* Description of the task:
Which lines of the records below contain the word "bottom"? Report each of them in full.

* Given records:

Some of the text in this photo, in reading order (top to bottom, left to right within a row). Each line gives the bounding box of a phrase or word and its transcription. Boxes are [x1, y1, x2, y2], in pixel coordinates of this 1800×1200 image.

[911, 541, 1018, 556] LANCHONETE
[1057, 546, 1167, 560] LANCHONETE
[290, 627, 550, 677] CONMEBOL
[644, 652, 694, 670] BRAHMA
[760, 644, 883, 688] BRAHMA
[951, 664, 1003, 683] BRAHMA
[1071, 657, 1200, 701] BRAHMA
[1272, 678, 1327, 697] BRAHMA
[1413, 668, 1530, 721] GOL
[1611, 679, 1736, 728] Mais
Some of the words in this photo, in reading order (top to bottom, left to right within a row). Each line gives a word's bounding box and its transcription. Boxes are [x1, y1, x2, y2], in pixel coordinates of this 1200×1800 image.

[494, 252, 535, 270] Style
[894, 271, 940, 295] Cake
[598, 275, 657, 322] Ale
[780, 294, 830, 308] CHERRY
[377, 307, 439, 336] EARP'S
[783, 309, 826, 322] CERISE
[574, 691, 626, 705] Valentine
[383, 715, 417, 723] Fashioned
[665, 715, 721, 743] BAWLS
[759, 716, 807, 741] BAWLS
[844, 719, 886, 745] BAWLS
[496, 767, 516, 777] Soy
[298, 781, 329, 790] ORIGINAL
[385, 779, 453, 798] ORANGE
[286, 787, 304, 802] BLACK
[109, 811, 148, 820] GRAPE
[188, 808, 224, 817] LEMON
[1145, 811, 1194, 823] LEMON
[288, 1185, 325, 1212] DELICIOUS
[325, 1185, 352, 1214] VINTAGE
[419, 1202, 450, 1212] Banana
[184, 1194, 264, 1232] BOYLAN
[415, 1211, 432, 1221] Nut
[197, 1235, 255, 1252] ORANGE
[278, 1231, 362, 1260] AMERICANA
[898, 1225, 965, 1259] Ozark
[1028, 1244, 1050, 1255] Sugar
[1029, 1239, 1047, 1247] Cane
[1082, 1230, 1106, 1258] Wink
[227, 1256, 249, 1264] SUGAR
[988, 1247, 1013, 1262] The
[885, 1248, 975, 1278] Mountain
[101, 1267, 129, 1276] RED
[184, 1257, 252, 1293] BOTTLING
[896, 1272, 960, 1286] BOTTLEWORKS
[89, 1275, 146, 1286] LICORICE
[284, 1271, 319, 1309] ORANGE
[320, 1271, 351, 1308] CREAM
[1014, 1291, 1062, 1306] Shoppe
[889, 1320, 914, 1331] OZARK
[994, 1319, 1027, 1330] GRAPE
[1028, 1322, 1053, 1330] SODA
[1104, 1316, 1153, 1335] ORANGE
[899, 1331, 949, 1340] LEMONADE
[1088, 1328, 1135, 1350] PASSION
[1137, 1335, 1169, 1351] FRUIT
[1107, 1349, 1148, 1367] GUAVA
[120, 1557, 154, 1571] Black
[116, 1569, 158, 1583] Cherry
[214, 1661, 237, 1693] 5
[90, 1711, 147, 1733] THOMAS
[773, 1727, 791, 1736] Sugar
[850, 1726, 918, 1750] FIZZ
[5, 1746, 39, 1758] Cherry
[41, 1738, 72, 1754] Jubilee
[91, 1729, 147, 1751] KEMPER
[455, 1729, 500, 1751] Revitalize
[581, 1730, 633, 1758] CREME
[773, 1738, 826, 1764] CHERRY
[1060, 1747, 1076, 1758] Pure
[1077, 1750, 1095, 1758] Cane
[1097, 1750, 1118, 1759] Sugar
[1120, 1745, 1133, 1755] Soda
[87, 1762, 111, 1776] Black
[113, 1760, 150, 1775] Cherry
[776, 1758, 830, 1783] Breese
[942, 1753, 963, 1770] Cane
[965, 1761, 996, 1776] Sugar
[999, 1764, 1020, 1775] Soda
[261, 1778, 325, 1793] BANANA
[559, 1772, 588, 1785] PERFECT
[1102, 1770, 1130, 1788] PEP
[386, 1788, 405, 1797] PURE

* Task output:
Some of the text in this photo, in reading order (top to bottom, left to right within a row). Each line gives the bounding box of a phrase or word and its transcription. Boxes are [x1, y1, x2, y2], in pixel coordinates of this 1800×1200 image.
Some of the words in this photo, in reading order (top to bottom, left to right within a row). Each line gives a word's bounding box and its transcription. Boxes are [x1, y1, x2, y2], in pixel coordinates of this 1200×1800 image.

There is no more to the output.